== TASK DETAILS ==
All that is needed is the listing, transcribed exactly and in full.

== GIVEN DATA ==
****
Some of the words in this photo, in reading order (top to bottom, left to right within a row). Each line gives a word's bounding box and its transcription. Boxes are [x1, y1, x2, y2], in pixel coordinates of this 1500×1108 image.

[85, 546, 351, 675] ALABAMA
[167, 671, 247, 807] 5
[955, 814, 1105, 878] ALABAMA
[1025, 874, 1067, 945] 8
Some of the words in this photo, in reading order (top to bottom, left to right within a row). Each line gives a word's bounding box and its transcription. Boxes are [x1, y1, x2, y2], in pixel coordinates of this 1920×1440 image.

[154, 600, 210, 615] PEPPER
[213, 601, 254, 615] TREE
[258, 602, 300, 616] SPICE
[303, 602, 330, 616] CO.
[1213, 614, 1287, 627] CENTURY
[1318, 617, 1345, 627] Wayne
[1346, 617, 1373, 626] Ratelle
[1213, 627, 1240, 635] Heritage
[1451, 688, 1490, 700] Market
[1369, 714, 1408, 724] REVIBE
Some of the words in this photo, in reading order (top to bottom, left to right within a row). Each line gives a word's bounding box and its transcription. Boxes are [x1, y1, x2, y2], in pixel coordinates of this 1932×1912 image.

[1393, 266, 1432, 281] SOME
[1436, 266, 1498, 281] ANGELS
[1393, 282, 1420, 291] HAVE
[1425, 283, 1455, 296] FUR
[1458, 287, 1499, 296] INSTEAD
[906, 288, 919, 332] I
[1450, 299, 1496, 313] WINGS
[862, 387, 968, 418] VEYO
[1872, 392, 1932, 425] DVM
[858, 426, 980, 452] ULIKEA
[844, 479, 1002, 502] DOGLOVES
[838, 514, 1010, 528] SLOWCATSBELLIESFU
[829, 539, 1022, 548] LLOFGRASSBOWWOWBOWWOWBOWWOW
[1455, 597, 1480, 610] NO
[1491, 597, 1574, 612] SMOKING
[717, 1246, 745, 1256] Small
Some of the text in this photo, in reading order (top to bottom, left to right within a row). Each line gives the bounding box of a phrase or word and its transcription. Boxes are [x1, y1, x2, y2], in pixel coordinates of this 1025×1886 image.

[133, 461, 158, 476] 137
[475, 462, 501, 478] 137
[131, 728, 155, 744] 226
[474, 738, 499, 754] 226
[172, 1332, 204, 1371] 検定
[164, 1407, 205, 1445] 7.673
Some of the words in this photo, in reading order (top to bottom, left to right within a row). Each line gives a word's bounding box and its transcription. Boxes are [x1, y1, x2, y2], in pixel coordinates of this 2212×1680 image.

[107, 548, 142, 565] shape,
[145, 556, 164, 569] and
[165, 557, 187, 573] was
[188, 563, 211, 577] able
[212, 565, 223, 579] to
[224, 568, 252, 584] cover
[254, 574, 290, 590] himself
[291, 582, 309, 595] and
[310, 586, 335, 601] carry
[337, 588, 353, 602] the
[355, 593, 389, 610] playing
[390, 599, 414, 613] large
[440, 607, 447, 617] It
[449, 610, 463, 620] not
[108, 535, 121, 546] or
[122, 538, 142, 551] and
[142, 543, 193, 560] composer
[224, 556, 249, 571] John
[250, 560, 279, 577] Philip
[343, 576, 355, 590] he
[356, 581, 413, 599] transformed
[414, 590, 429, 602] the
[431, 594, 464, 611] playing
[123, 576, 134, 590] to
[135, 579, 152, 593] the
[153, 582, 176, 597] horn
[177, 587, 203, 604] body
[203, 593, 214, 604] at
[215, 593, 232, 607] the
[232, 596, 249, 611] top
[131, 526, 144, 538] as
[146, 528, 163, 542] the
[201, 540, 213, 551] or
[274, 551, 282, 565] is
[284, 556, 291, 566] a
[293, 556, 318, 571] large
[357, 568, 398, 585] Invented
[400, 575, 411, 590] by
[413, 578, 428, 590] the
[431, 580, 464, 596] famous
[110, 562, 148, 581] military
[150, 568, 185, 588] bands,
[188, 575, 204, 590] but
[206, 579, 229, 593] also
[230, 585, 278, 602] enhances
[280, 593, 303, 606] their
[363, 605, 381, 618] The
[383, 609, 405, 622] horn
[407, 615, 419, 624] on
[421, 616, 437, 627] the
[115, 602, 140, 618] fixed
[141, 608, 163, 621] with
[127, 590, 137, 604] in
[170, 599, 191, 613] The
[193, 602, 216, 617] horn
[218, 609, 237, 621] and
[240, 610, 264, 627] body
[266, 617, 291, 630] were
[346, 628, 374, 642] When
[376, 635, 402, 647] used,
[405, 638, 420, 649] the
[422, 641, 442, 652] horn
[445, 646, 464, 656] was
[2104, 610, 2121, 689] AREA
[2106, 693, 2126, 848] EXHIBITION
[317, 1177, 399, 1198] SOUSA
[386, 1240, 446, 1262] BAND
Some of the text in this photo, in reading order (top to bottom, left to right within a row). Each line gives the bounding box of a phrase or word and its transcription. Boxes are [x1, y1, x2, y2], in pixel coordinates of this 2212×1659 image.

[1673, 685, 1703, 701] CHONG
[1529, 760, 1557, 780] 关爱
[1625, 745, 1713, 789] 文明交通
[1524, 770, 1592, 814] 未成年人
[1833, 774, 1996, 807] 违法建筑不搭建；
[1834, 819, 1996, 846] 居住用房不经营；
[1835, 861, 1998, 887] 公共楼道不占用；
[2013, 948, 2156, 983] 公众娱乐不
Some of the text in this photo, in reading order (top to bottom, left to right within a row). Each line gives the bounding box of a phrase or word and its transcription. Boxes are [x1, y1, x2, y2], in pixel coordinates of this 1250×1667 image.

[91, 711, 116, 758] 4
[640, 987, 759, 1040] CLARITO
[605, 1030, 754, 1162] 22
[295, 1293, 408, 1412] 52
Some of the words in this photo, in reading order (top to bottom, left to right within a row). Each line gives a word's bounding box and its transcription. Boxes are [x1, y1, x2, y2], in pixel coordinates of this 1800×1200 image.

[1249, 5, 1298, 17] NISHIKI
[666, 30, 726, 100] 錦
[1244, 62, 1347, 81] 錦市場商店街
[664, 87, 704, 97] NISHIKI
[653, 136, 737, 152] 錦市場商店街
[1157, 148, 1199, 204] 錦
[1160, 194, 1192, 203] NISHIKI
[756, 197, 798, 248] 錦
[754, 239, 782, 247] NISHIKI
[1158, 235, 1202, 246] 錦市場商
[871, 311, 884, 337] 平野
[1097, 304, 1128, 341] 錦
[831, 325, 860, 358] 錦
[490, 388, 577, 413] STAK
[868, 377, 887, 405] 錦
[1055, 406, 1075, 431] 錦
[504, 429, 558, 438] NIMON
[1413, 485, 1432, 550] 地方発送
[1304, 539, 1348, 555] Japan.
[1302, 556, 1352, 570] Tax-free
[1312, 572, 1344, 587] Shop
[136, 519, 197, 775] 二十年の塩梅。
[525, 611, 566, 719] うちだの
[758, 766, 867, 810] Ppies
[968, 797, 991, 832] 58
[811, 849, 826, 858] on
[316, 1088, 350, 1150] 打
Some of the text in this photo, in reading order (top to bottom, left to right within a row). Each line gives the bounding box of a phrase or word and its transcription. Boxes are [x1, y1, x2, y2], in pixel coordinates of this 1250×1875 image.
****
== RESPONSE FOR THIS EXERCISE ==
Some of the words in this photo, in reading order (top to bottom, left to right within a row). Each line gives a word's bounding box and its transcription. Boxes are [x1, y1, x2, y2], in pixel coordinates of this 1500×1108 image.

[85, 546, 351, 675] ALABAMA
[167, 671, 247, 807] 5
[955, 814, 1105, 878] ALABAMA
[1025, 874, 1067, 945] 8
Some of the words in this photo, in reading order (top to bottom, left to right within a row). Each line gives a word's bounding box and its transcription. Boxes are [x1, y1, x2, y2], in pixel coordinates of this 1920×1440 image.

[154, 600, 210, 615] PEPPER
[213, 601, 254, 615] TREE
[258, 602, 300, 616] SPICE
[303, 602, 330, 616] CO.
[1213, 614, 1287, 627] CENTURY
[1318, 617, 1345, 627] Wayne
[1346, 617, 1373, 626] Ratelle
[1213, 627, 1240, 635] Heritage
[1451, 688, 1490, 700] Market
[1369, 714, 1408, 724] REVIBE
Some of the words in this photo, in reading order (top to bottom, left to right within a row). Each line gives a word's bounding box and its transcription. Boxes are [x1, y1, x2, y2], in pixel coordinates of this 1932×1912 image.

[1393, 266, 1432, 281] SOME
[1436, 266, 1498, 281] ANGELS
[1393, 282, 1420, 291] HAVE
[1425, 283, 1455, 296] FUR
[1458, 287, 1499, 296] INSTEAD
[906, 288, 919, 332] I
[1450, 299, 1496, 313] WINGS
[862, 387, 968, 418] VEYO
[1872, 392, 1932, 425] DVM
[858, 426, 980, 452] ULIKEA
[844, 479, 1002, 502] DOGLOVES
[838, 514, 1010, 528] SLOWCATSBELLIESFU
[829, 539, 1022, 548] LLOFGRASSBOWWOWBOWWOWBOWWOW
[1455, 597, 1480, 610] NO
[1491, 597, 1574, 612] SMOKING
[717, 1246, 745, 1256] Small
Some of the text in this photo, in reading order (top to bottom, left to right within a row). Each line gives the bounding box of a phrase or word and its transcription. Boxes are [x1, y1, x2, y2], in pixel coordinates of this 1025×1886 image.

[133, 461, 158, 476] 137
[475, 462, 501, 478] 137
[131, 728, 155, 744] 226
[474, 738, 499, 754] 226
[172, 1332, 204, 1371] 検定
[164, 1407, 205, 1445] 7.673
Some of the words in this photo, in reading order (top to bottom, left to right within a row). Each line gives a word's bounding box and its transcription. Boxes are [x1, y1, x2, y2], in pixel coordinates of this 2212×1680 image.

[107, 548, 142, 565] shape,
[145, 556, 164, 569] and
[165, 557, 187, 573] was
[188, 563, 211, 577] able
[212, 565, 223, 579] to
[224, 568, 252, 584] cover
[254, 574, 290, 590] himself
[291, 582, 309, 595] and
[310, 586, 335, 601] carry
[337, 588, 353, 602] the
[355, 593, 389, 610] playing
[390, 599, 414, 613] large
[440, 607, 447, 617] It
[449, 610, 463, 620] not
[108, 535, 121, 546] or
[122, 538, 142, 551] and
[142, 543, 193, 560] composer
[224, 556, 249, 571] John
[250, 560, 279, 577] Philip
[343, 576, 355, 590] he
[356, 581, 413, 599] transformed
[414, 590, 429, 602] the
[431, 594, 464, 611] playing
[123, 576, 134, 590] to
[135, 579, 152, 593] the
[153, 582, 176, 597] horn
[177, 587, 203, 604] body
[203, 593, 214, 604] at
[215, 593, 232, 607] the
[232, 596, 249, 611] top
[131, 526, 144, 538] as
[146, 528, 163, 542] the
[201, 540, 213, 551] or
[274, 551, 282, 565] is
[284, 556, 291, 566] a
[293, 556, 318, 571] large
[357, 568, 398, 585] Invented
[400, 575, 411, 590] by
[413, 578, 428, 590] the
[431, 580, 464, 596] famous
[110, 562, 148, 581] military
[150, 568, 185, 588] bands,
[188, 575, 204, 590] but
[206, 579, 229, 593] also
[230, 585, 278, 602] enhances
[280, 593, 303, 606] their
[363, 605, 381, 618] The
[383, 609, 405, 622] horn
[407, 615, 419, 624] on
[421, 616, 437, 627] the
[115, 602, 140, 618] fixed
[141, 608, 163, 621] with
[127, 590, 137, 604] in
[170, 599, 191, 613] The
[193, 602, 216, 617] horn
[218, 609, 237, 621] and
[240, 610, 264, 627] body
[266, 617, 291, 630] were
[346, 628, 374, 642] When
[376, 635, 402, 647] used,
[405, 638, 420, 649] the
[422, 641, 442, 652] horn
[445, 646, 464, 656] was
[2104, 610, 2121, 689] AREA
[2106, 693, 2126, 848] EXHIBITION
[317, 1177, 399, 1198] SOUSA
[386, 1240, 446, 1262] BAND
Some of the text in this photo, in reading order (top to bottom, left to right within a row). Each line gives the bounding box of a phrase or word and its transcription. Boxes are [x1, y1, x2, y2], in pixel coordinates of this 2212×1659 image.

[1673, 685, 1703, 701] CHONG
[1529, 760, 1557, 780] 关爱
[1625, 745, 1713, 789] 文明交通
[1524, 770, 1592, 814] 未成年人
[1833, 774, 1996, 807] 违法建筑不搭建；
[1834, 819, 1996, 846] 居住用房不经营；
[1835, 861, 1998, 887] 公共楼道不占用；
[2013, 948, 2156, 983] 公众娱乐不
Some of the text in this photo, in reading order (top to bottom, left to right within a row). Each line gives the bounding box of a phrase or word and its transcription. Boxes are [x1, y1, x2, y2], in pixel coordinates of this 1250×1667 image.

[91, 711, 116, 758] 4
[640, 987, 759, 1040] CLARITO
[605, 1030, 754, 1162] 22
[295, 1293, 408, 1412] 52
Some of the words in this photo, in reading order (top to bottom, left to right within a row). Each line gives a word's bounding box and its transcription. Boxes are [x1, y1, x2, y2], in pixel coordinates of this 1800×1200 image.

[1249, 5, 1298, 17] NISHIKI
[666, 30, 726, 100] 錦
[1244, 62, 1347, 81] 錦市場商店街
[664, 87, 704, 97] NISHIKI
[653, 136, 737, 152] 錦市場商店街
[1157, 148, 1199, 204] 錦
[1160, 194, 1192, 203] NISHIKI
[756, 197, 798, 248] 錦
[754, 239, 782, 247] NISHIKI
[1158, 235, 1202, 246] 錦市場商
[871, 311, 884, 337] 平野
[1097, 304, 1128, 341] 錦
[831, 325, 860, 358] 錦
[490, 388, 577, 413] STAK
[868, 377, 887, 405] 錦
[1055, 406, 1075, 431] 錦
[504, 429, 558, 438] NIMON
[1413, 485, 1432, 550] 地方発送
[1304, 539, 1348, 555] Japan.
[1302, 556, 1352, 570] Tax-free
[1312, 572, 1344, 587] Shop
[136, 519, 197, 775] 二十年の塩梅。
[525, 611, 566, 719] うちだの
[758, 766, 867, 810] Ppies
[968, 797, 991, 832] 58
[811, 849, 826, 858] on
[316, 1088, 350, 1150] 打
Some of the text in this photo, in reading order (top to bottom, left to right within a row). Each line gives the bounding box of a phrase or word and its transcription. Boxes are [x1, y1, x2, y2], in pixel coordinates of this 1250×1875 image.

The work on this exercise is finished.